Try it
The records that follow must be reproduced in full, exactly as written.
+ + + +
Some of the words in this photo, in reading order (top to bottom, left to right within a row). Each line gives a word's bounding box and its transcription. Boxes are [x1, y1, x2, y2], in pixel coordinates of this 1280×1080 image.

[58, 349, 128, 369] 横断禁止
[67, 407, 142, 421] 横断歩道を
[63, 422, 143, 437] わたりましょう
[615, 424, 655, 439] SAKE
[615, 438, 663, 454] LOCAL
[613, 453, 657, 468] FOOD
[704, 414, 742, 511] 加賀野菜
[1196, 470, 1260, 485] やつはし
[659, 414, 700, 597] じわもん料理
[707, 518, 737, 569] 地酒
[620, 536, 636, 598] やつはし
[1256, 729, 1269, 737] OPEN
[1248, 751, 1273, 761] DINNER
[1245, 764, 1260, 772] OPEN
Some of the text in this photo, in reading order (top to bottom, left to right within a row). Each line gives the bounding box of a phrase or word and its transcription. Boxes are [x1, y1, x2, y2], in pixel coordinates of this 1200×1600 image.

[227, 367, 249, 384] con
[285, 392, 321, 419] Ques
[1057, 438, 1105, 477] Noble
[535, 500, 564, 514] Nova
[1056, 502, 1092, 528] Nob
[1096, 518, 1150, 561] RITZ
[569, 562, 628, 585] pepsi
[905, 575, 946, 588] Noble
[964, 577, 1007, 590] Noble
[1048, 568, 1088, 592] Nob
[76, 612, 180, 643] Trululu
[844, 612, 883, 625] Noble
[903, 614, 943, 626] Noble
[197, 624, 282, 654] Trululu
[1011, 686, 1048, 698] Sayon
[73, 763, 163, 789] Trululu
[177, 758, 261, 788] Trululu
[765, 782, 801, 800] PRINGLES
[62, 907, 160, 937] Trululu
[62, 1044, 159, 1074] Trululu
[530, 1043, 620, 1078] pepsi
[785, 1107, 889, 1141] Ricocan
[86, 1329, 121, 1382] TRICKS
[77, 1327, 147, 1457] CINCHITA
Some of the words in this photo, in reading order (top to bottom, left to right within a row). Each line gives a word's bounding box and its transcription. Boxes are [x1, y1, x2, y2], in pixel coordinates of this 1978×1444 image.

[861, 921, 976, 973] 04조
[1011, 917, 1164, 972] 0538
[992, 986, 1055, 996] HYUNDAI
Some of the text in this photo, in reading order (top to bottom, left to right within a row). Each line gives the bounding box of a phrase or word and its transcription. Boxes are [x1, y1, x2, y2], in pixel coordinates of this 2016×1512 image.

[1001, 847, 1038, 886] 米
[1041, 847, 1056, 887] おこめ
+ + + +
Written answer
Some of the words in this photo, in reading order (top to bottom, left to right within a row). Each line gives a word's bounding box and its transcription. Boxes are [x1, y1, x2, y2], in pixel coordinates of this 1280×1080 image.

[58, 349, 128, 369] 横断禁止
[67, 407, 142, 421] 横断歩道を
[63, 422, 143, 437] わたりましょう
[615, 424, 655, 439] SAKE
[615, 438, 663, 454] LOCAL
[613, 453, 657, 468] FOOD
[704, 414, 742, 511] 加賀野菜
[1196, 470, 1260, 485] やつはし
[659, 414, 700, 597] じわもん料理
[707, 518, 737, 569] 地酒
[620, 536, 636, 598] やつはし
[1256, 729, 1269, 737] OPEN
[1248, 751, 1273, 761] DINNER
[1245, 764, 1260, 772] OPEN
Some of the text in this photo, in reading order (top to bottom, left to right within a row). Each line gives the bounding box of a phrase or word and its transcription. Boxes are [x1, y1, x2, y2], in pixel coordinates of this 1200×1600 image.

[227, 367, 249, 384] con
[285, 392, 321, 419] Ques
[1057, 438, 1105, 477] Noble
[535, 500, 564, 514] Nova
[1056, 502, 1092, 528] Nob
[1096, 518, 1150, 561] RITZ
[569, 562, 628, 585] pepsi
[905, 575, 946, 588] Noble
[964, 577, 1007, 590] Noble
[1048, 568, 1088, 592] Nob
[76, 612, 180, 643] Trululu
[844, 612, 883, 625] Noble
[903, 614, 943, 626] Noble
[197, 624, 282, 654] Trululu
[1011, 686, 1048, 698] Sayon
[73, 763, 163, 789] Trululu
[177, 758, 261, 788] Trululu
[765, 782, 801, 800] PRINGLES
[62, 907, 160, 937] Trululu
[62, 1044, 159, 1074] Trululu
[530, 1043, 620, 1078] pepsi
[785, 1107, 889, 1141] Ricocan
[86, 1329, 121, 1382] TRICKS
[77, 1327, 147, 1457] CINCHITA
Some of the words in this photo, in reading order (top to bottom, left to right within a row). Each line gives a word's bounding box and its transcription. Boxes are [x1, y1, x2, y2], in pixel coordinates of this 1978×1444 image.

[861, 921, 976, 973] 04조
[1011, 917, 1164, 972] 0538
[992, 986, 1055, 996] HYUNDAI
Some of the text in this photo, in reading order (top to bottom, left to right within a row). Each line gives the bounding box of a phrase or word and its transcription. Boxes are [x1, y1, x2, y2], in pixel coordinates of this 2016×1512 image.

[1001, 847, 1038, 886] 米
[1041, 847, 1056, 887] おこめ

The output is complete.